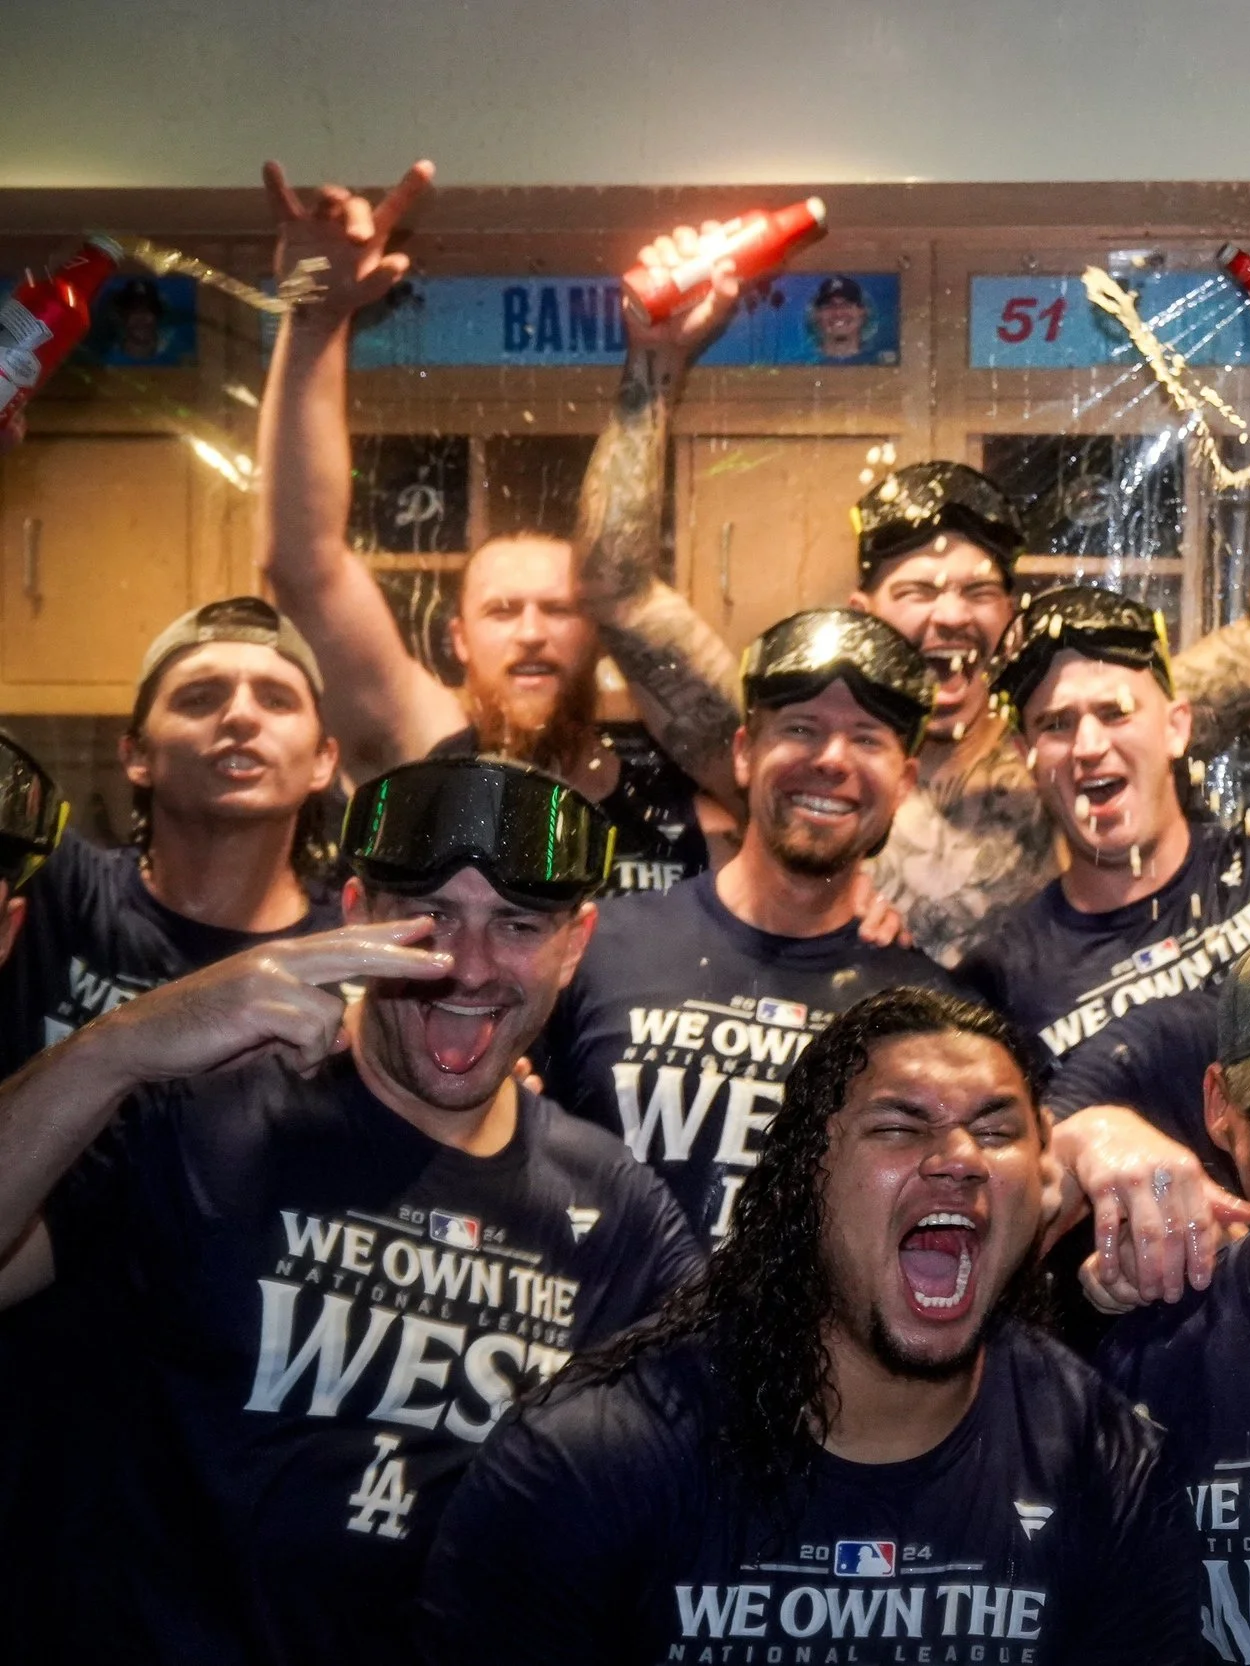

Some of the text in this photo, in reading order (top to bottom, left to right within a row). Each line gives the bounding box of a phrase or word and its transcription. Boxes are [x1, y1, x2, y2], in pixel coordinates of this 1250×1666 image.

[997, 297, 1068, 343] 51
[629, 1007, 709, 1050] WE
[1038, 996, 1107, 1056] WE
[400, 1206, 425, 1224] 20
[275, 1258, 451, 1320] NATIONAL
[280, 1210, 580, 1328] WE OWN THE
[347, 1434, 417, 1540] LA
[800, 1544, 932, 1561] 20 24
[675, 1585, 1046, 1641] WE OWN THE
[667, 1643, 1036, 1664] NATIONAL LEAGUE
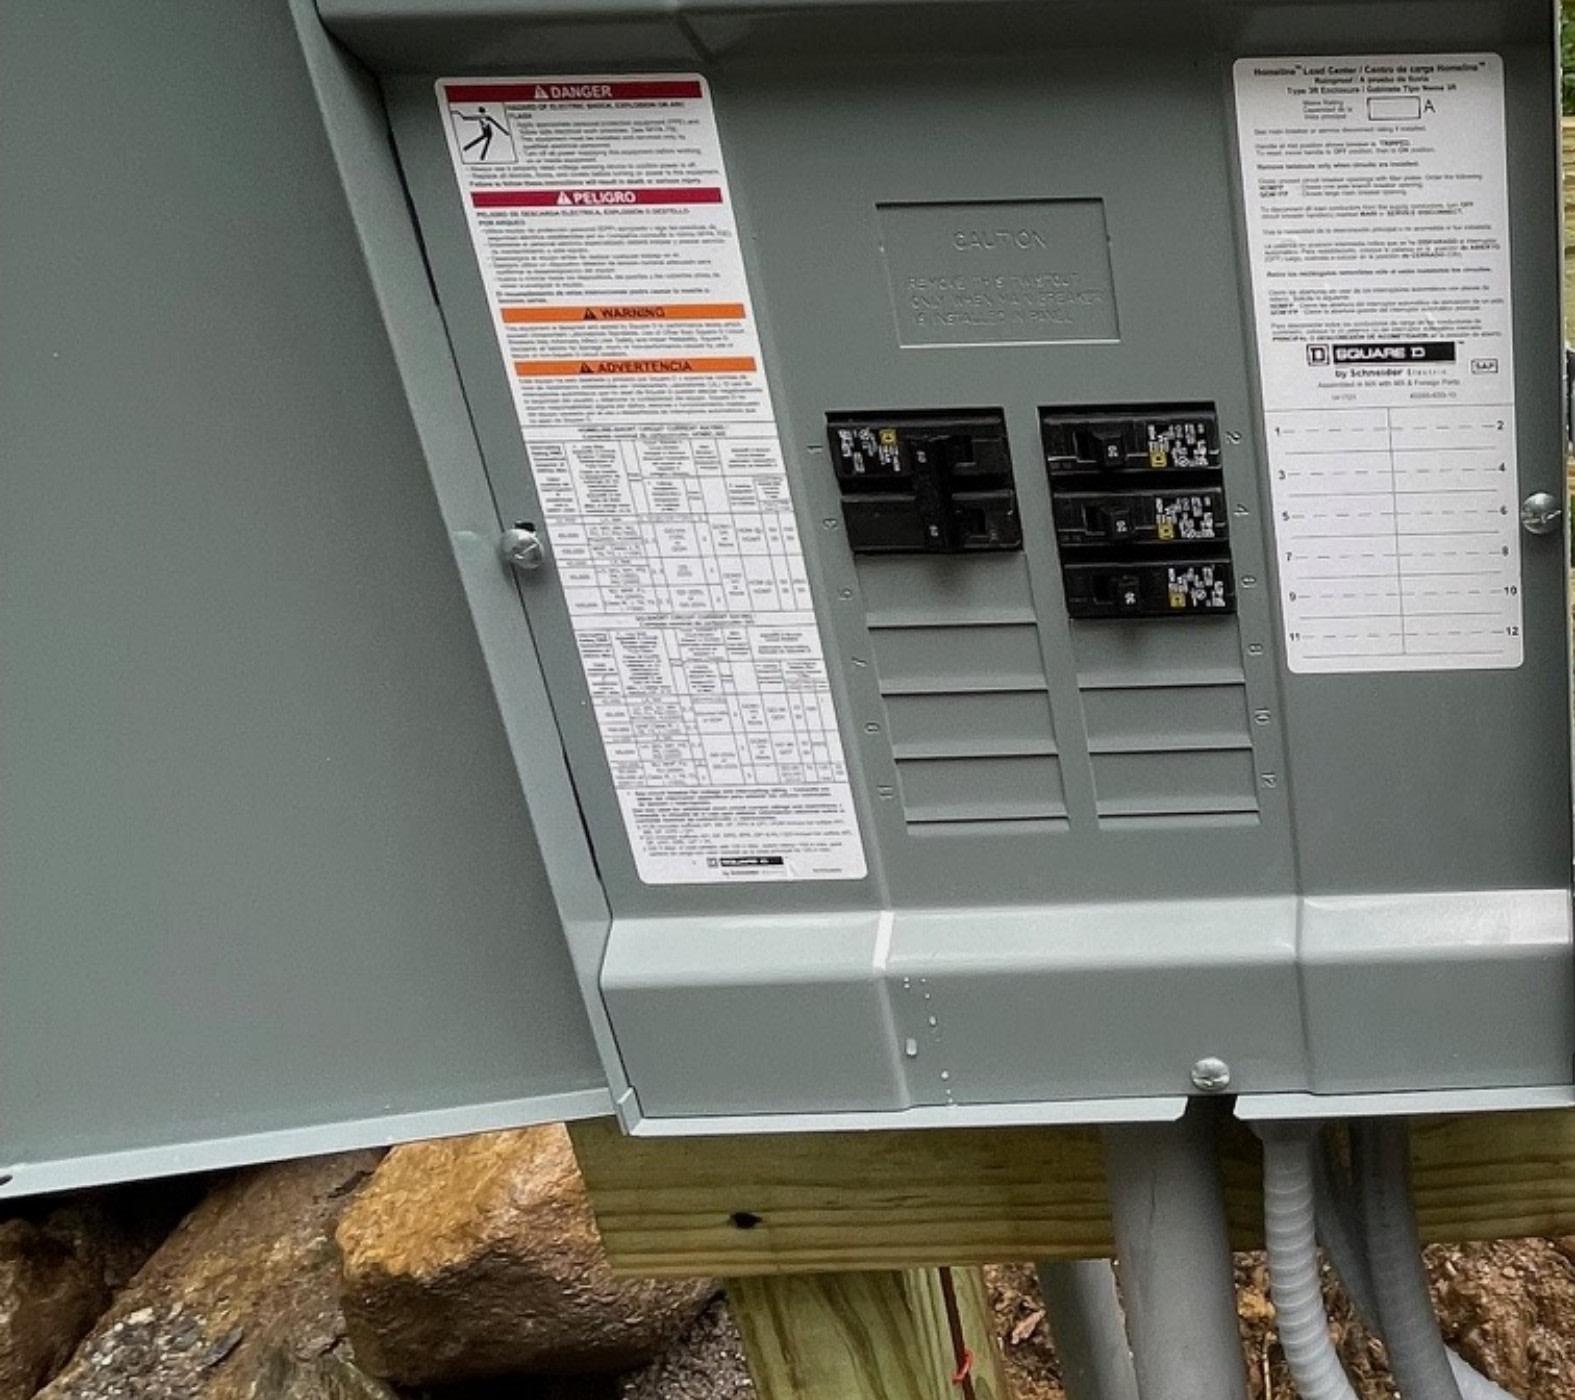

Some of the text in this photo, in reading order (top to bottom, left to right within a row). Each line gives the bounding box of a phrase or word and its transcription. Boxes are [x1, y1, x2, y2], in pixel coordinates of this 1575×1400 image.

····················

== Work instruction ==
Repeat all of the material above exactly, leaving out pictures.

== Answer to this problem ==
Some of the text in this photo, in reading order (top to bottom, left to right within a row). Each line gives the bounding box of a phrase or word and its transcription. Boxes are [x1, y1, x2, y2], in pixel coordinates of this 1250×1666 image.

[997, 297, 1068, 343] 51
[629, 1007, 709, 1050] WE
[1038, 996, 1107, 1056] WE
[400, 1206, 425, 1224] 20
[275, 1258, 451, 1320] NATIONAL
[280, 1210, 580, 1328] WE OWN THE
[347, 1434, 417, 1540] LA
[800, 1544, 932, 1561] 20 24
[675, 1585, 1046, 1641] WE OWN THE
[667, 1643, 1036, 1664] NATIONAL LEAGUE

Some of the text in this photo, in reading order (top to bottom, left to right within a row). Each line gives the bounding box of a phrase or word and its transcription. Boxes are [x1, y1, x2, y2], in pixel coordinates of this 1575×1400 image.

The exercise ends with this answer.